In [1]:
#Basic imports
import pandas as pd
import numpy as np
import pickle
from collections import defaultdict
import random
import sys
from sklearn import utils

#Import utils functions
sys.path.append('/home/anat/Research/ExAC/10.Prediction/utils')
from neg_pos_funcs import create_negatives_datasets, create_positives_datasets

from IPython.core.display import HTML
HTML("<style>.container { width:100% !important; }</style>")

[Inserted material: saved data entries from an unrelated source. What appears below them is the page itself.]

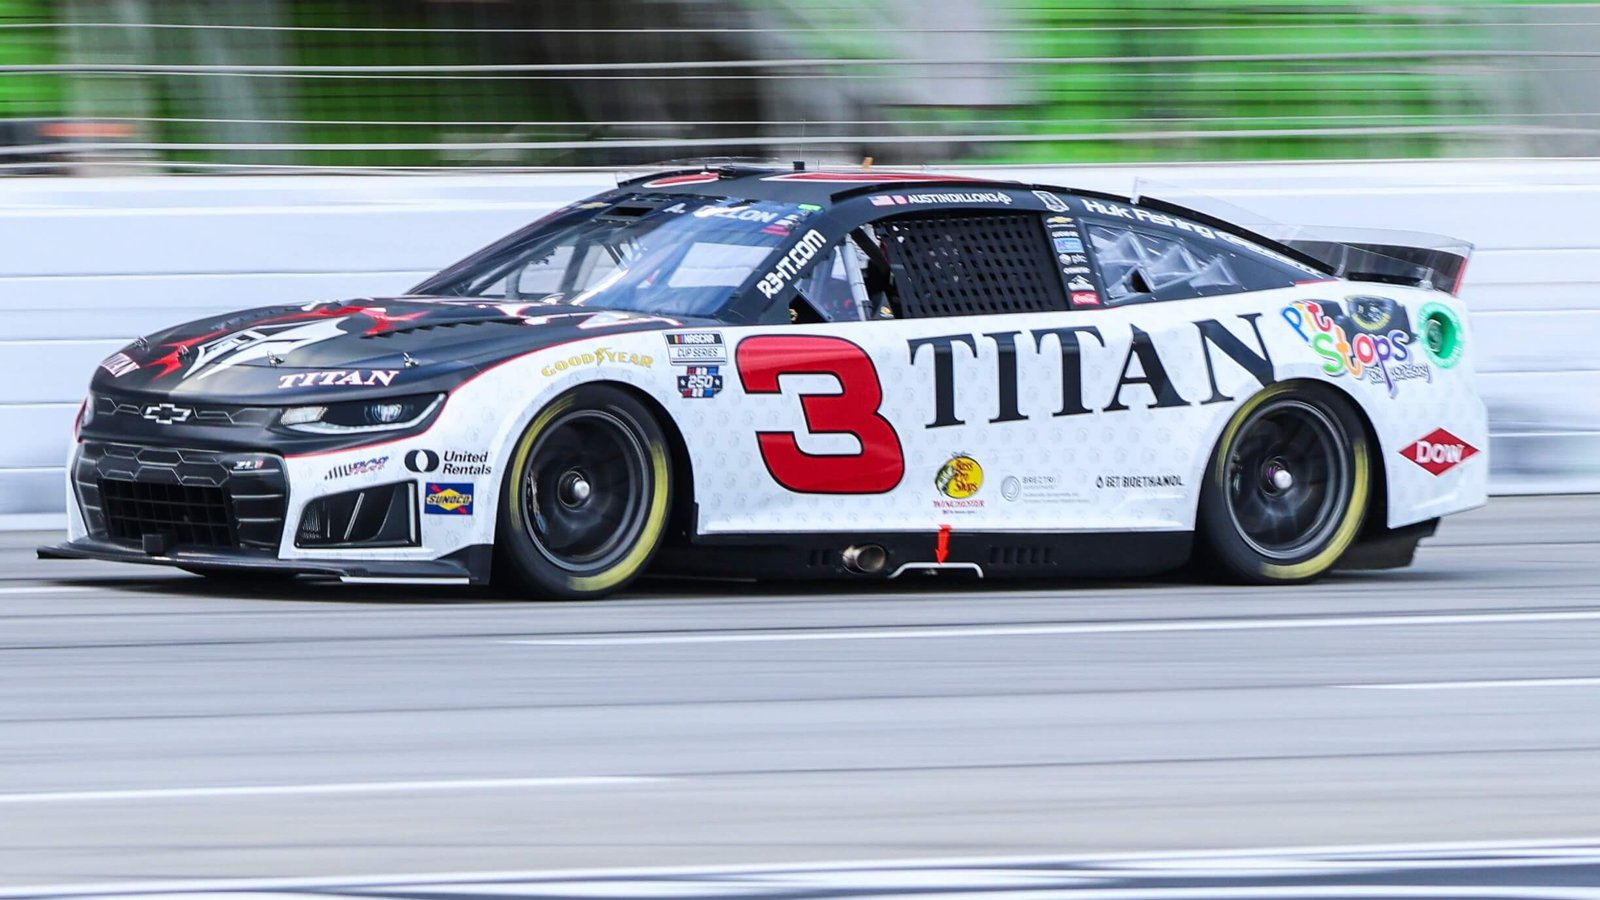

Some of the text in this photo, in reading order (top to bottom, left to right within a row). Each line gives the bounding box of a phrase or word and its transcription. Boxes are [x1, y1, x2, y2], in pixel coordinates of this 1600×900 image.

[1080, 199, 1217, 240] Huk Fishing
[756, 229, 827, 299] R3-IT.COM
[1281, 301, 1332, 342] Pit
[684, 334, 715, 344] NASCAR
[677, 348, 718, 357] CUP SERIES
[1312, 326, 1408, 395] Stops
[541, 347, 654, 377] GOODYEAR
[907, 313, 1276, 428] TITAN
[278, 370, 399, 388] TITAN
[687, 375, 714, 388] 250
[735, 334, 905, 494] 3
[444, 450, 488, 464] United
[442, 463, 491, 476] Rentals
[1106, 475, 1184, 489] GET BIOETHANOL
[427, 494, 471, 505] SUNOCO

### Reading the input dataset

In [2]:
curr_dir = !pwd
input_path = curr_dir[0]+"/../domains_similarity/filtered_features_table/"
filename = "positions_features_mediode_filter_01.25.18.csv"

bind_scores_num = 10

#Features table
features_all = pd.read_csv(input_path+filename, sep='\t', index_col=0)
features_cols = features_all.columns[1:-bind_scores_num] #removing binding scores and domain name
ligands = ["dna", "dnabase", "dnabackbone", "rna", "rnabase", "rnabackbone", "peptide", "ion", "metabolite"]
print "all samples positions #: "+str(features_all.shape[0])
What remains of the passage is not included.